MLB.com Columnist

Anthony Castrovince

Explaining the shift in rent-a-player market

Explaining the shift in rent-a-player market

You see Randy Johnson entering the Hall of Fame just ahead of the non-waiver Trade Deadline, and you remember that July day in 1998, when the Mariners parted with Big Unit just ahead of his free agency and got back a franchise-shaping return, one that included Freddy Garcia and Carlos Guillen (both top 100 prospects) as well as John Halama, all of whom contributed to Seattle's 116-win season three years later.

Is such a deal in store for David Price or Yoenis Cespedes or Jeff Samardzija or Johnny Cueto or Ben Zobrist or any of the other high-profile pending free agents who might be on the move between now and the close of business on July 31?

Doubtful.

Major League Baseball's trade market might be the rare one in which the cost of the rent has trended downward over the years.

That's a reality such clubs as the Tigers, White Sox, Reds and A's are wrestling with in the lead-up to the Deadline. You'll get back talent for two months' worth of an established star, certainly. But as evidenced by Thursday's Scott Kazmir trade, in which neither of the guys the Astros sent to the A's (Jake Nottingham and Dan Mengden) are considered elite prospects, you can't necessarily expect to land A-list prospects under long-term contractual control.

"It's tough to quantify [a rental player's worth]," said a National League executive, "because so much of it comes down to team needs, prospect strength and the caliber of player available."

Youth shall lead us
What we do know: In today's game, control of young talent is valued like never before. And because of changes to the Collective Bargaining Agreement that preceded the 2012 season (more on that later) and the increased sophistication with which clubs can assess the value a rental player will bring them in the home stretch, it's a stingier market for teams dangling short-term solutions.

As an American League executive put it, "Teams are able to precisely, rather than emotionally, value the impact of acquired players."

Let's use Price as an example, for he's the most accomplished of the potential rental players listed above.

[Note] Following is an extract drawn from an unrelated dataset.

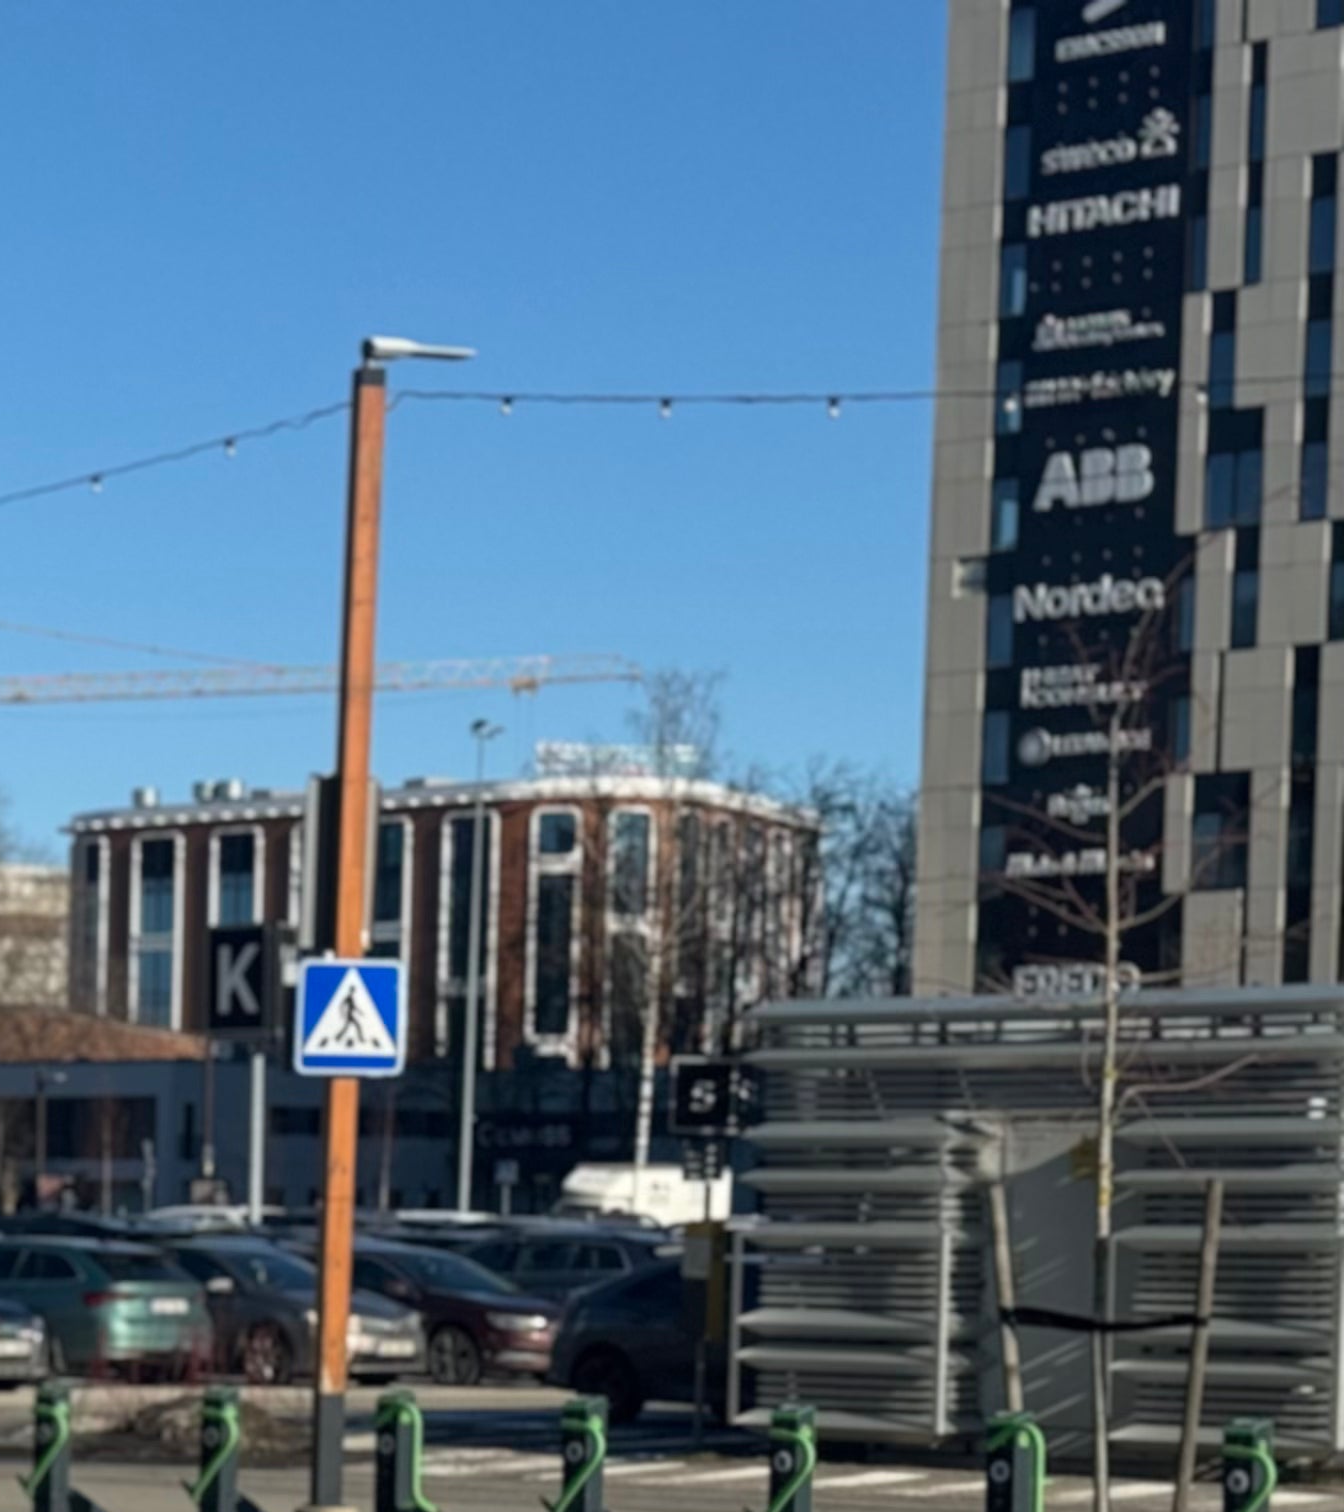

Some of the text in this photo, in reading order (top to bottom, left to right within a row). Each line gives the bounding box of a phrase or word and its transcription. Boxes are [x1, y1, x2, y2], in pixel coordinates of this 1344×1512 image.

[1027, 184, 1180, 237] HITACHI
[1032, 443, 1155, 513] ABB
[1014, 572, 1165, 624] Nordea
[216, 942, 260, 1016] K

Through 19 starts, Price has been worth 3.5 Wins Above Replacement (WAR). Realistically, he has maybe 15 starts remaining in the regular season. So if we do a rudimentary calculation (and of course, every team has its own way of making these evaluations) of WAR/start, Price has about 2.75 WAR left in him between now and the end of the season.

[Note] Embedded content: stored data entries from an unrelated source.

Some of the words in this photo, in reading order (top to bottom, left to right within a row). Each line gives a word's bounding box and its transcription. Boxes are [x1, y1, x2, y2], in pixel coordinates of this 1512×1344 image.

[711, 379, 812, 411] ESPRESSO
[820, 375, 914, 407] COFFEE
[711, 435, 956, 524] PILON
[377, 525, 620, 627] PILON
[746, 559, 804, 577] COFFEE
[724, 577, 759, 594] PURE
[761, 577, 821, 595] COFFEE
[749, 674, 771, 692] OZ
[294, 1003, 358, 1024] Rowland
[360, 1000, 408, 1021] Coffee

We'll go ahead and generously round that up to three wins, just because Price is a nice guy. A team acquiring him would have to determine:

A. What is the value of those wins (relative to the pitcher he would replace in the rotation) in the middle of a pennant push?

B. What is the value of a prospect (or prospects) with six years of contractual control ahead of him (or them)?

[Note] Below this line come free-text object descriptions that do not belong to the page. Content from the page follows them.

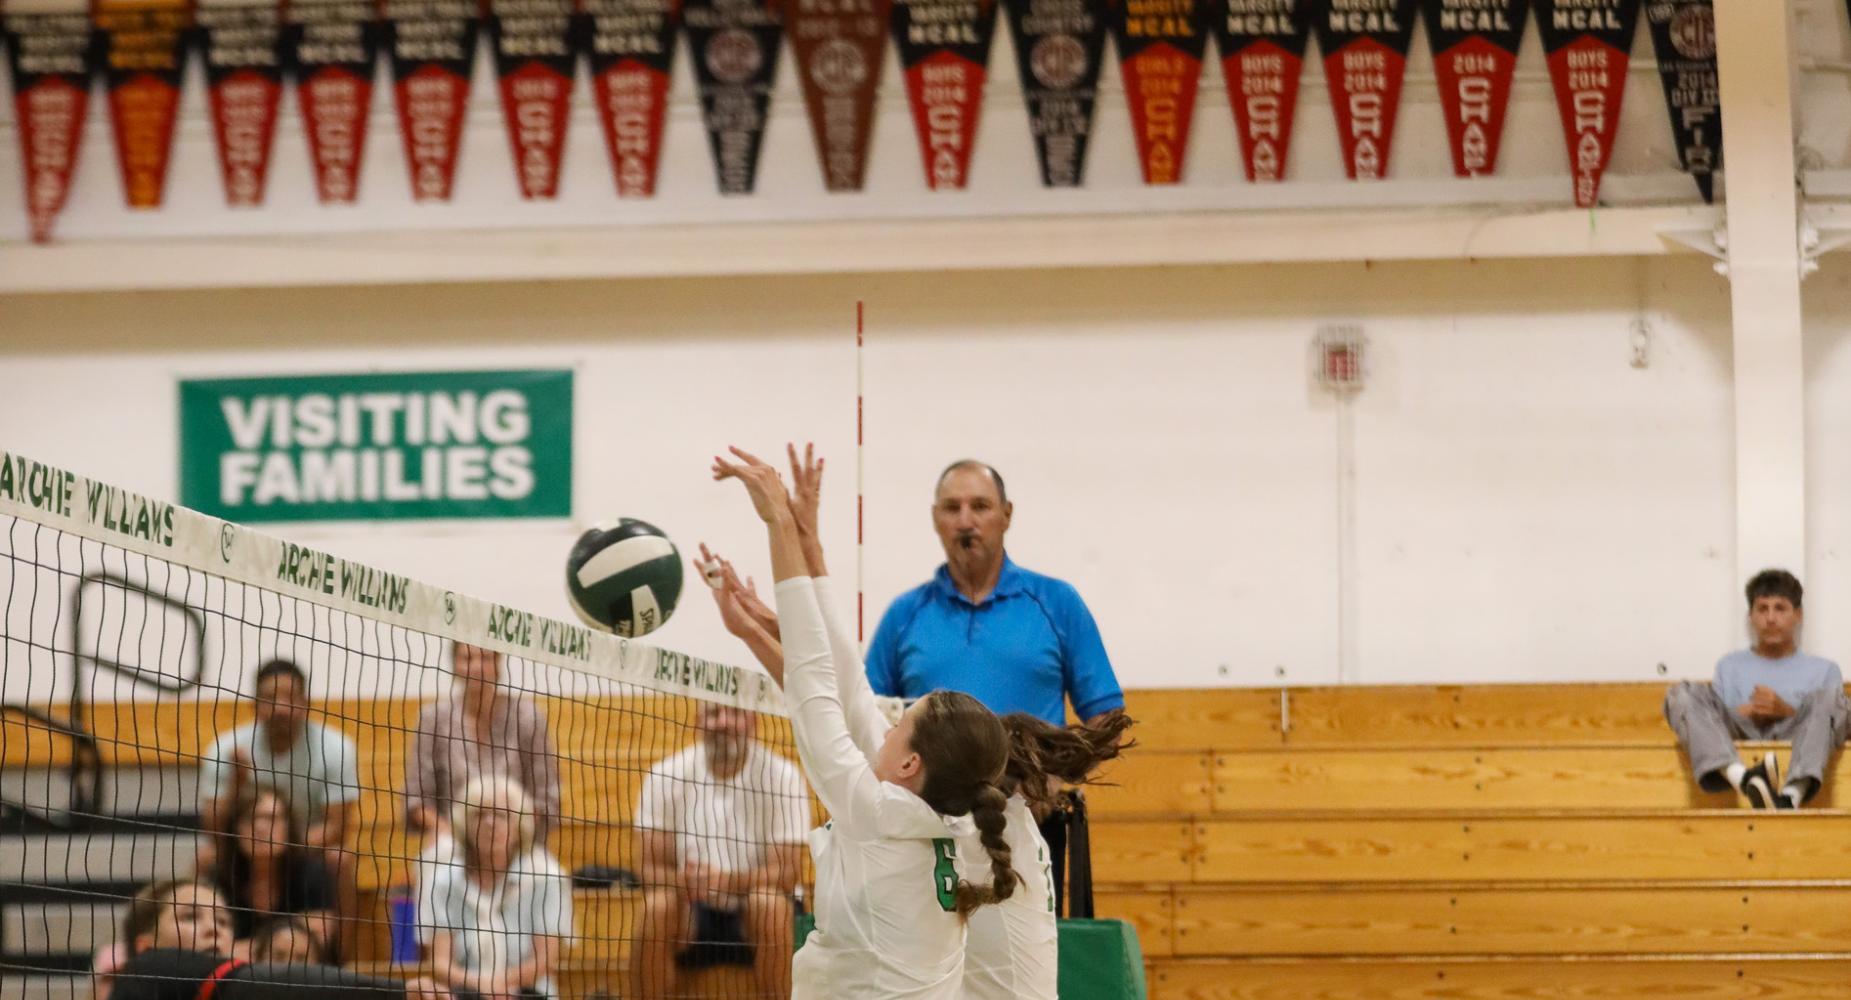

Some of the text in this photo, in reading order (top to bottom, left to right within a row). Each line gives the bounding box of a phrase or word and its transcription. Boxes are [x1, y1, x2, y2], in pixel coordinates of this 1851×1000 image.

[1241, 54, 1282, 75] BOYS
[1343, 51, 1386, 71] BOYS
[1453, 54, 1496, 73] 2014
[1567, 51, 1608, 69] BOYS
[1241, 76, 1283, 95] 2014
[1344, 73, 1387, 92] 2014
[1568, 71, 1610, 90] 2014
[220, 391, 530, 449] VISITING
[0, 452, 75, 518] ARCHIE
[220, 447, 535, 505] FAMILIES
[932, 837, 959, 912] 6
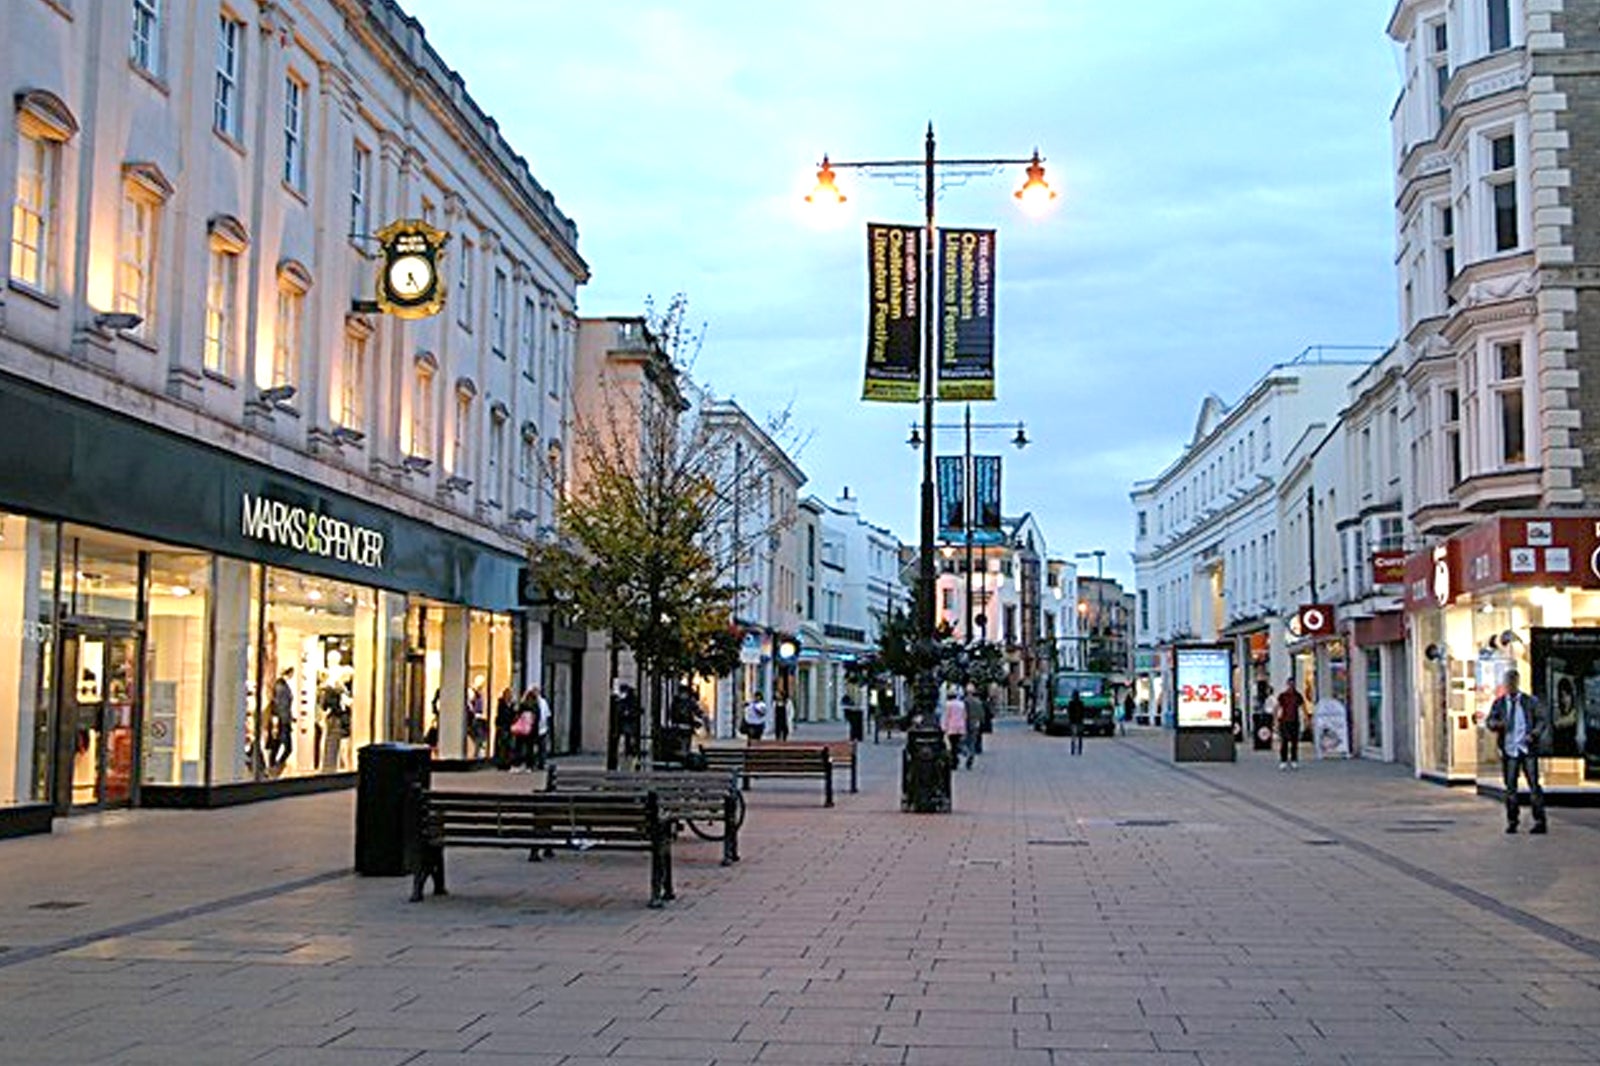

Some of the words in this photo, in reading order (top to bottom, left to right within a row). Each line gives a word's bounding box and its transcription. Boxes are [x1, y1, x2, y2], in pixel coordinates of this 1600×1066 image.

[874, 229, 888, 300] Literature
[889, 229, 904, 319] Cheltenham
[944, 233, 960, 303] Literature
[960, 233, 977, 320] Cheltenham
[873, 302, 889, 363] Festival
[944, 305, 960, 364] Festival

Answering question A will always be a situation-specific exercise. Sometimes desperation sets in (a la the Brewers, in the middle of a 26-year playoff drought, going all in on CC Sabathia in 2008), and the difference between, say, 87 wins and 90 wins is massive.

If you're a Blue Jays team trailing in the AL East and looking to end baseball's longest October absence, maybe you evaluate an impact rental differently than, say, a Cardinals club with a long postseason résumé and a little wiggle room in the NL Central.

As for question B, well, that's also club-specific. But the Braves' recent acquisition of Touki Toussaint from the D-backs is an illustration of how prospects are valued in some places.

Atlanta took on about $10 million in a bad contract (Bronson Arroyo) in order to land Toussaint, and many in the industry considered that a coup. Spending, after all, is restricted everywhere but in free agency, so this was a special opportunity to basically buy a prospect much the way you would a free agent.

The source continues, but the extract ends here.